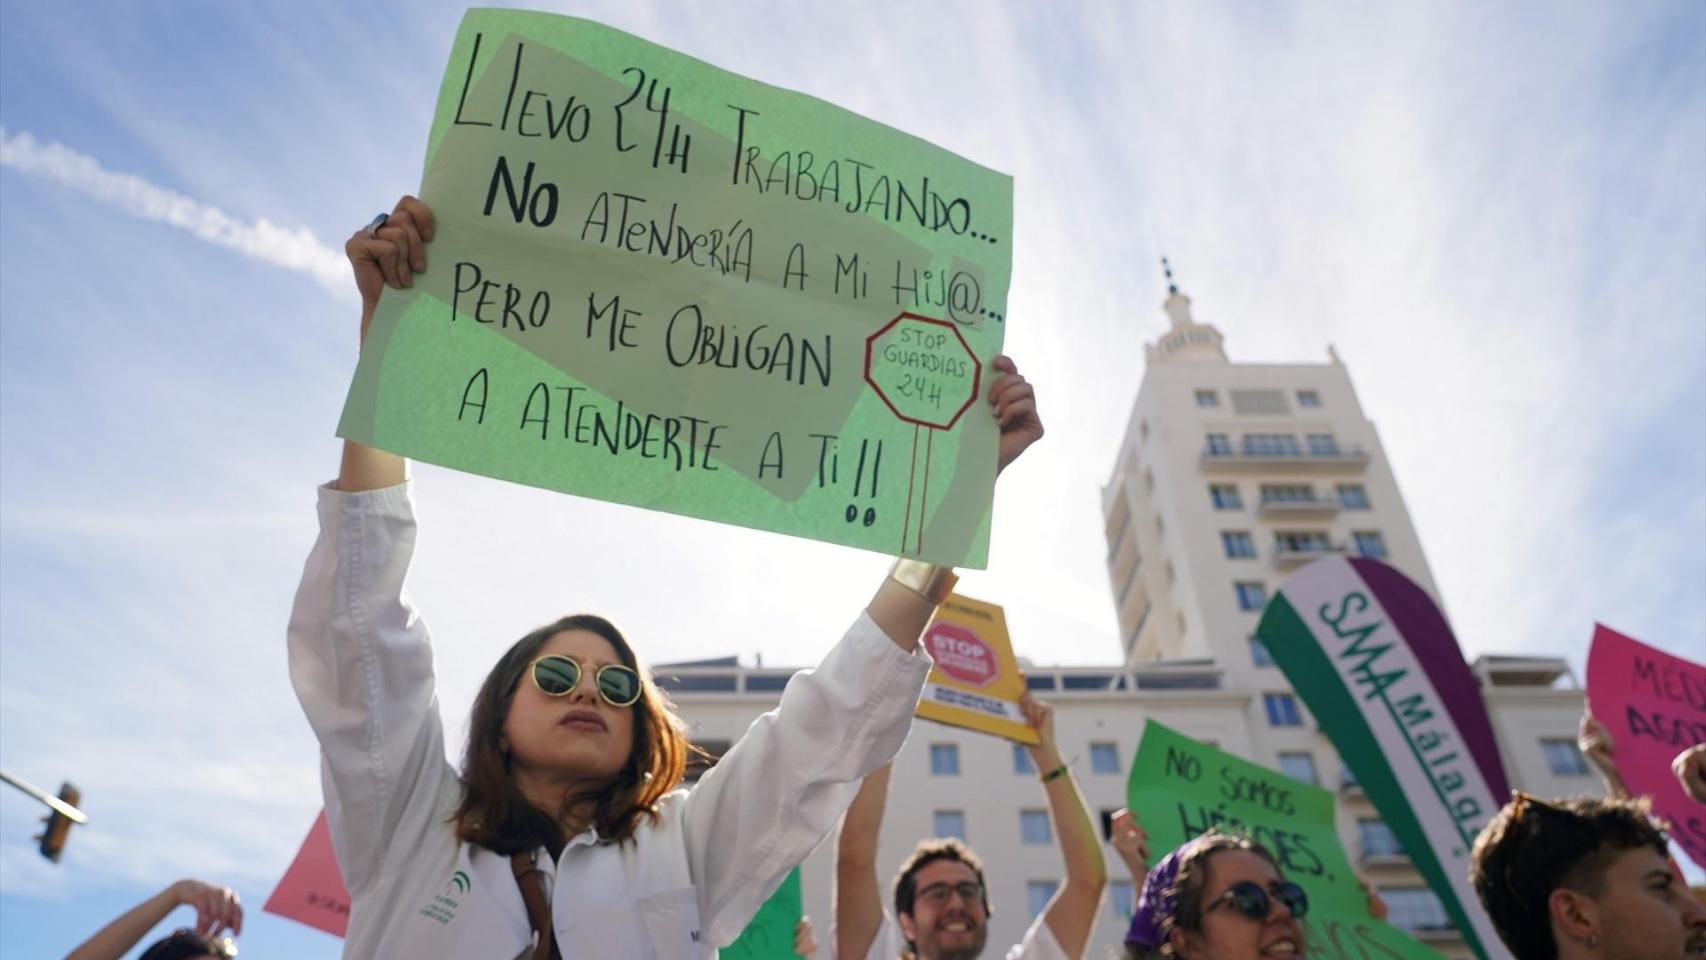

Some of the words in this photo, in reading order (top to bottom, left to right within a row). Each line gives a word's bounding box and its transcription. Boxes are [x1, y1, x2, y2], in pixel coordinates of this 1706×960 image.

[615, 67, 691, 173] 24H
[727, 104, 997, 243] TRABAJANDO...
[483, 155, 559, 227] NO
[783, 243, 808, 291] A
[452, 262, 551, 332] PERO
[586, 292, 642, 351] ME
[900, 327, 947, 350] STOP
[883, 344, 968, 379] GUARDIAS
[897, 374, 941, 409] 24H
[457, 367, 489, 425] A
[520, 382, 728, 471] ATENDERTE
[758, 431, 784, 479] A
[931, 633, 986, 659] STOP
[1165, 745, 1201, 782] NO
[1220, 765, 1296, 817] SOMOS
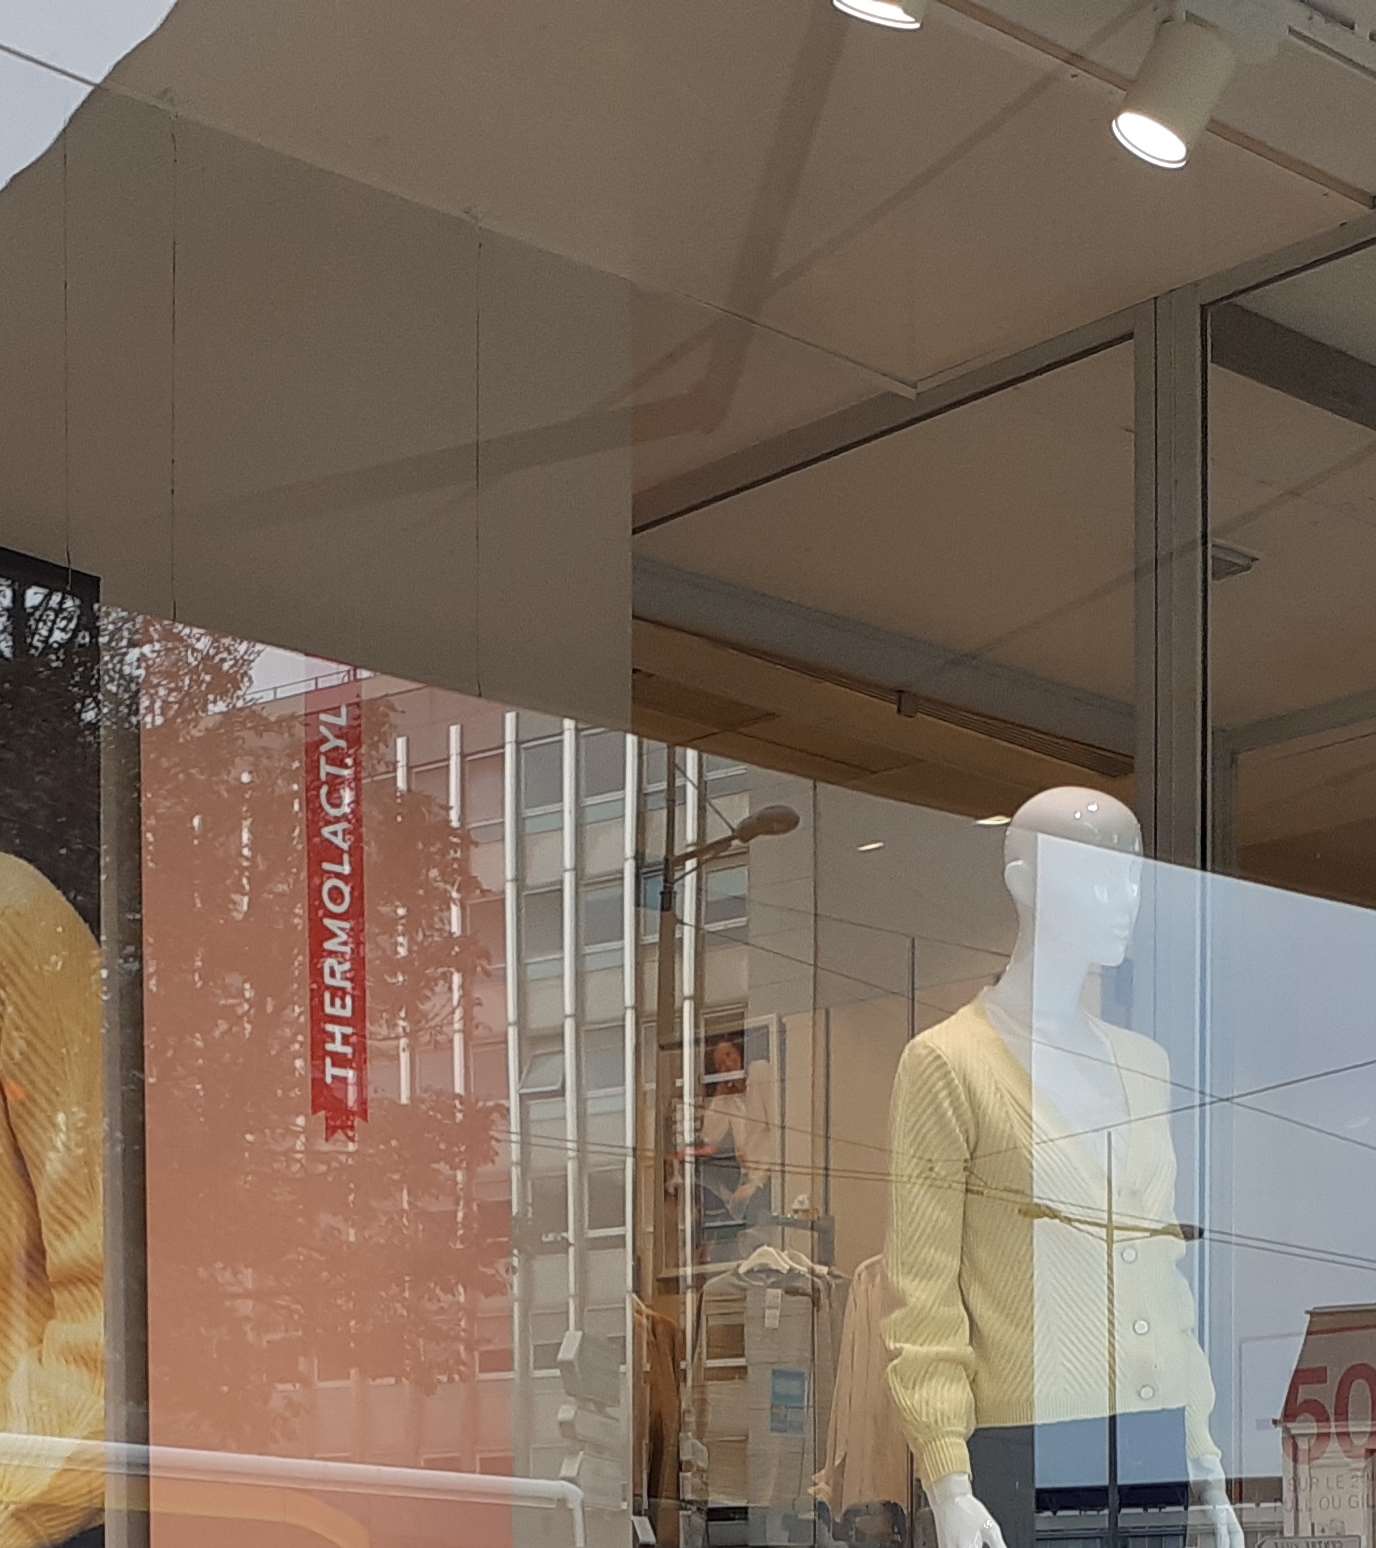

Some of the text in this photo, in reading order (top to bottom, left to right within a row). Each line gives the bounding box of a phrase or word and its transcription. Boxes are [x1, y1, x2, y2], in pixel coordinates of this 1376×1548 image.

[319, 704, 356, 1085] THERMOLACTYL
[1327, 1475, 1344, 1489] LE
[1319, 1494, 1342, 1509] OU
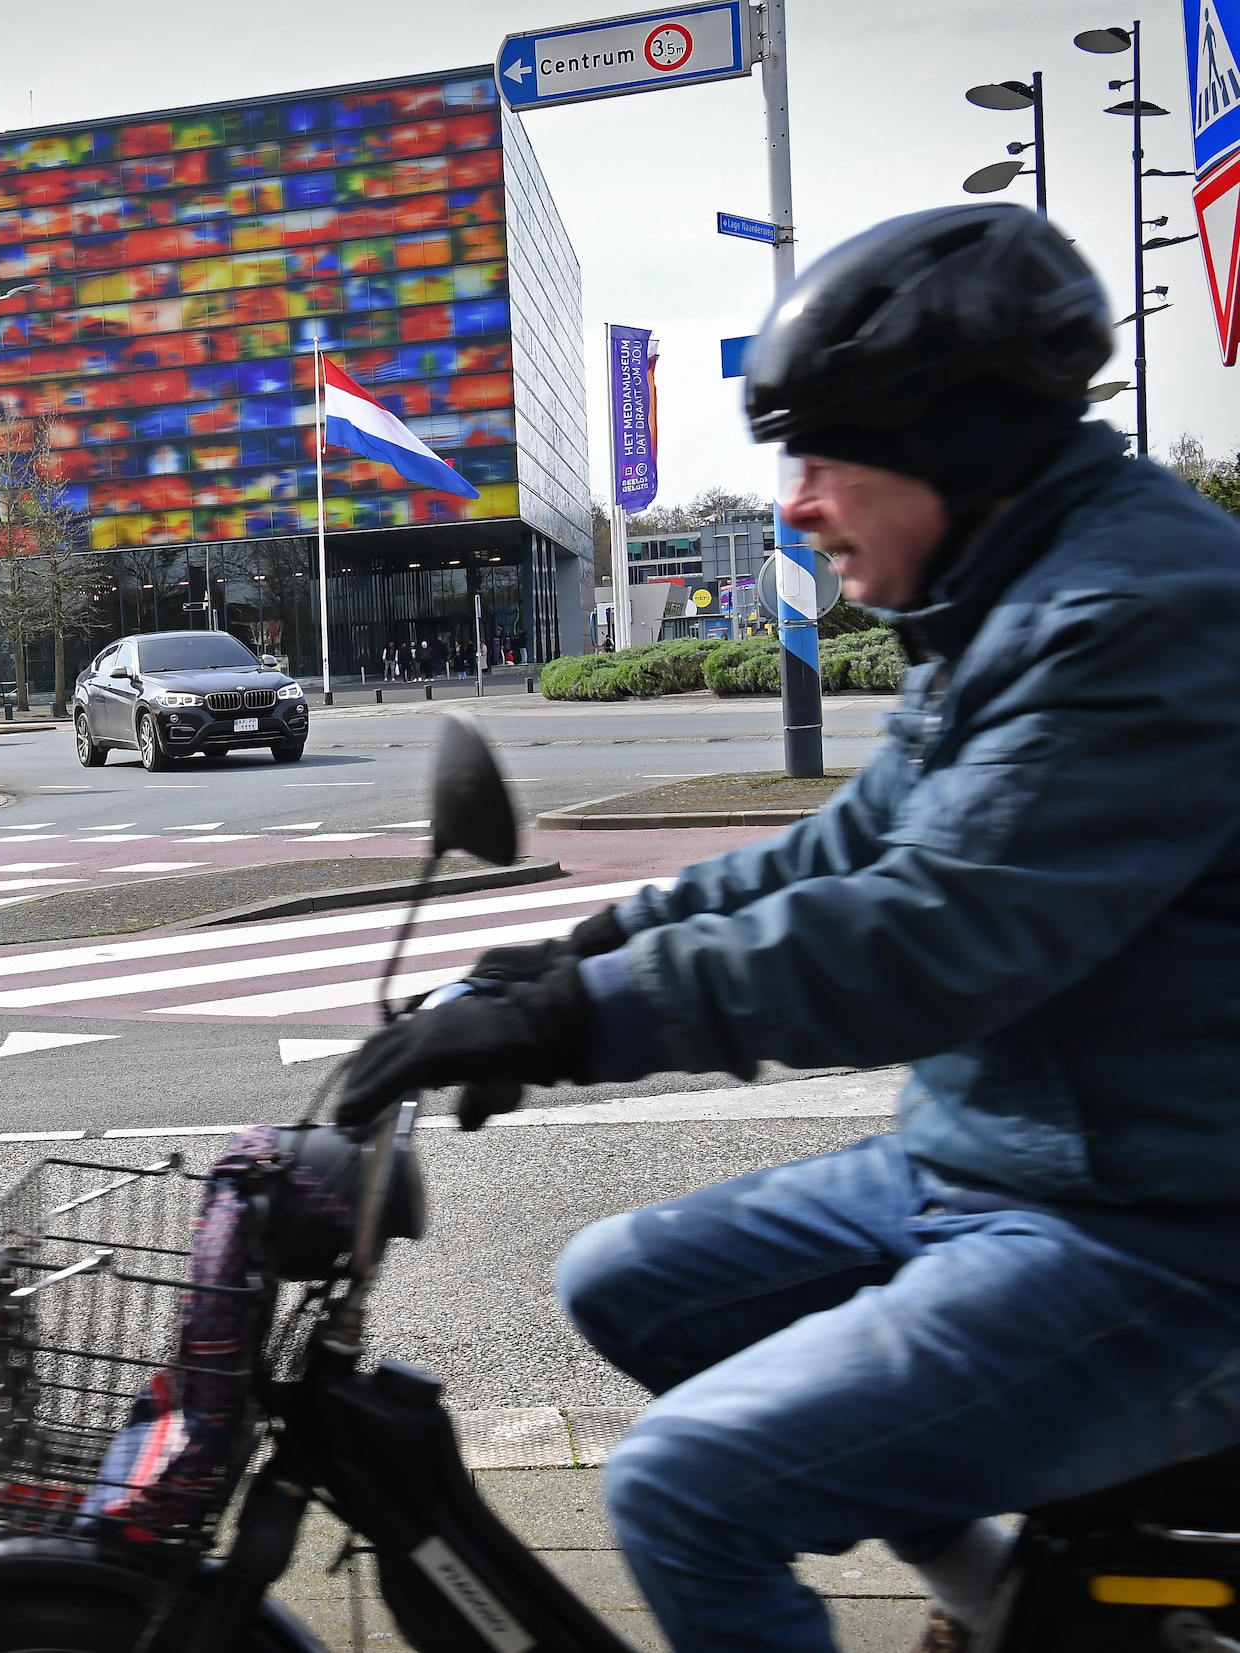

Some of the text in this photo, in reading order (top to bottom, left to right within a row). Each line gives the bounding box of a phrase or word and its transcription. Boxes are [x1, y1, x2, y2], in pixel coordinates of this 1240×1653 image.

[540, 48, 635, 76] Centrum
[727, 218, 774, 239] Lage Naarderweg
[621, 340, 633, 456] HET MEDIAMUSEUM
[632, 340, 646, 455] DAT DRAAIT OM JOU
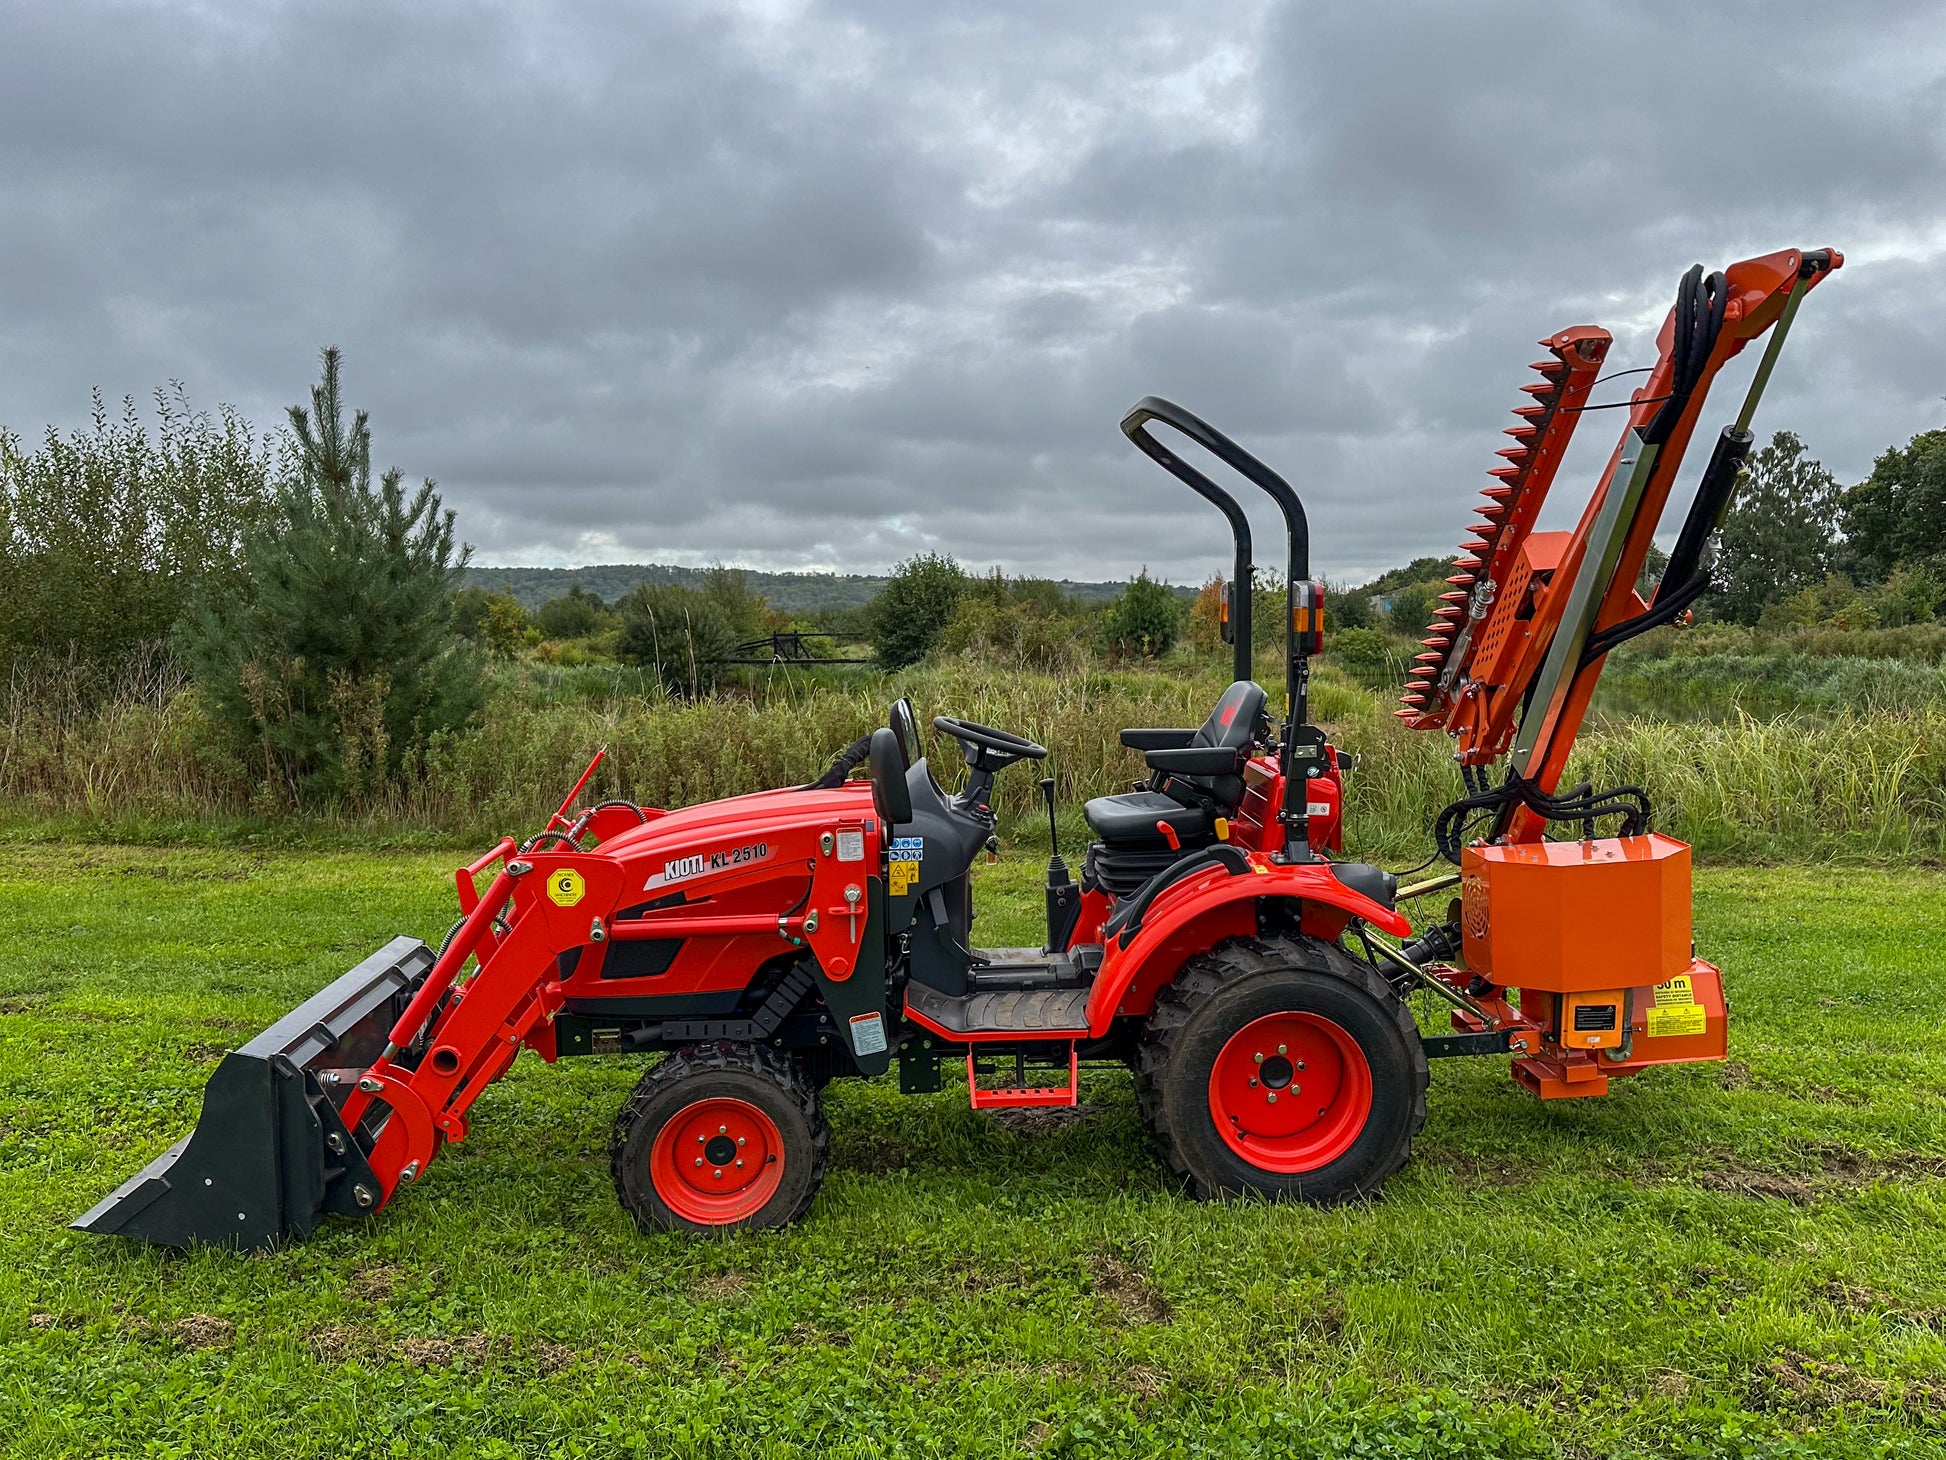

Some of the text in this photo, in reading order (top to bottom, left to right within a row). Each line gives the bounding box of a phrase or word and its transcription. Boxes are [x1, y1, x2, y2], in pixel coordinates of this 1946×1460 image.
________________________
- What the exercise asks
Everything in the entries must come back exactly, except the pictures.

- Answer below
Some of the words in this photo, in reading order (top to bottom, left to right within a row). Each line gives a word's bounding box and its transcription. Boxes are [x1, y1, x2, y2], in pixel coordinates of this 1706×960 image.

[615, 67, 691, 173] 24H
[727, 104, 997, 243] TRABAJANDO...
[483, 155, 559, 227] NO
[783, 243, 808, 291] A
[452, 262, 551, 332] PERO
[586, 292, 642, 351] ME
[900, 327, 947, 350] STOP
[883, 344, 968, 379] GUARDIAS
[897, 374, 941, 409] 24H
[457, 367, 489, 425] A
[520, 382, 728, 471] ATENDERTE
[758, 431, 784, 479] A
[931, 633, 986, 659] STOP
[1165, 745, 1201, 782] NO
[1220, 765, 1296, 817] SOMOS

Some of the text in this photo, in reading order (top to bottom, left to right within a row). Each line gives the bounding box of a phrase or word and its transcription. Boxes are [x1, y1, x2, y2], in pixel coordinates of this 1376×1548 image.

[319, 704, 356, 1085] THERMOLACTYL
[1327, 1475, 1344, 1489] LE
[1319, 1494, 1342, 1509] OU

Some of the text in this photo, in reading order (top to bottom, left to right within a row). Each line gives the bounding box of a phrase or word and its transcription. Boxes are [x1, y1, x2, y2], in pixel coordinates of this 1240×1653 image.

[540, 48, 635, 76] Centrum
[727, 218, 774, 239] Lage Naarderweg
[621, 340, 633, 456] HET MEDIAMUSEUM
[632, 340, 646, 455] DAT DRAAIT OM JOU

Some of the text in this photo, in reading order (top to bottom, left to right within a row). Each line gives the bounding box of a phrase or word and its transcription. Boxes are [x1, y1, x2, y2], in pixel coordinates of this 1946×1460 image.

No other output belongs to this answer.